From the supply side,according to statistics from China International Capital Corporation,the total production of the four major mines(Rio Tinto,BHP Billiton,Forbes River,and Vale)in the second quarter reached 207 million tons,a year-on-year increase of 2.5%and a month on month increase of 9.9%,making it the highest production in the same period in history.
Among them,Vale and BHP have maintained a relatively strong shipping momentum since the beginning of this year,and the surge of the Ford River at the end of the fiscal year is also very obvious,while Rio Tinto’s production is relatively weak,”commented CICC.

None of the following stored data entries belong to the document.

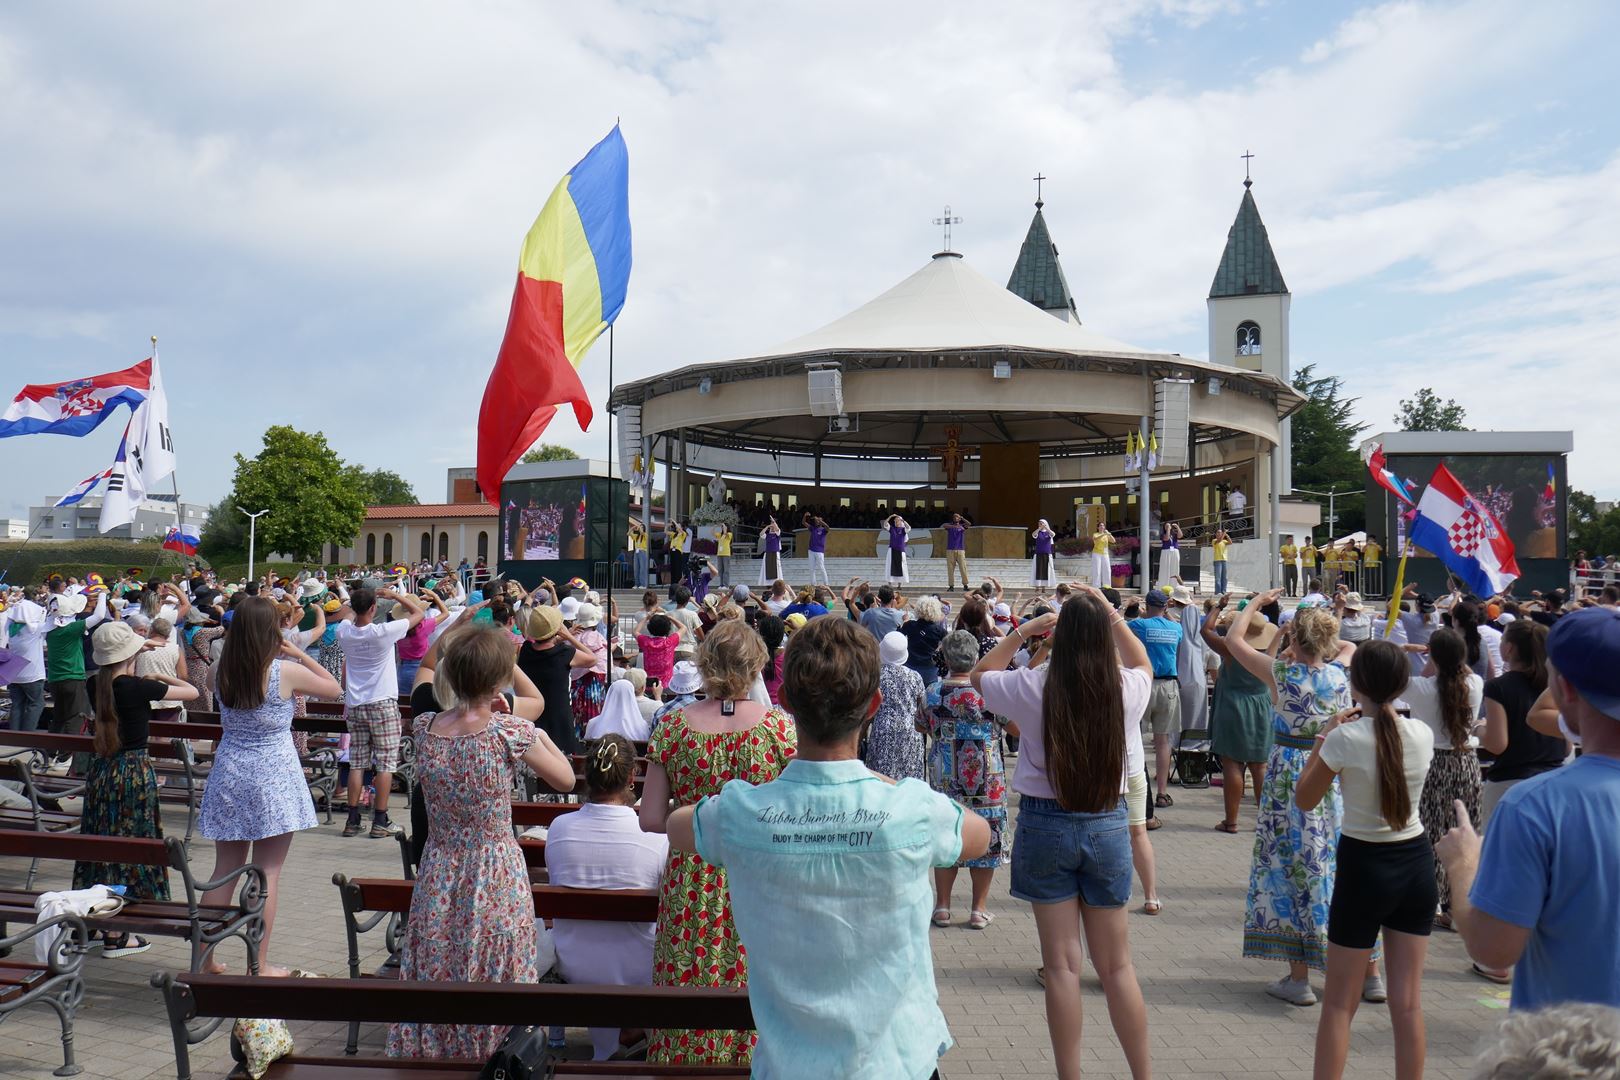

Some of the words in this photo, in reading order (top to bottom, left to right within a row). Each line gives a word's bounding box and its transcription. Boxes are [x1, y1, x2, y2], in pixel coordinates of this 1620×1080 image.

[757, 805, 798, 824] Lisbon
[799, 808, 847, 825] Summer
[849, 808, 892, 828] Breeze
[772, 833, 792, 843] ENJOY
[804, 833, 826, 843] CHARM
[828, 833, 836, 842] OF
[837, 833, 848, 842] THE
[849, 831, 873, 847] CITY

After entering the third quarter,it is expected that the mining impulse will come to an end,and the global iron ore transportation volume will decline,but it will still maintain year-on-year growth.With the downward adjustment of iron ore prices and high port inventories,the pace of China’s iron ore imports in the third quarter may slow down to some extent.
From the demand side,CICC believes that there is limited room for substantial improvement in downstream domestic demand in the second half of 2024 and even 2025.As for the third quarter of 2024,considering the support of manufacturing production prosperity and steel export resilience,CICC believes that China’s iron and steel production may remain stable,with room for a 2.5%month on month growth compared to the second quarter.
Based on the updated cost curve and expected demand level,CICC estimates that the reasonable equilibrium price for iron ore in the second half of 2024 should be between$95/ton and$100/ton.
The research team of CICC Commodities believes that although the price of iron ore is influenced by various factors such as financial attributes and macro expectations,the long-term equilibrium price level of iron ore is still determined by both the supply and demand curves.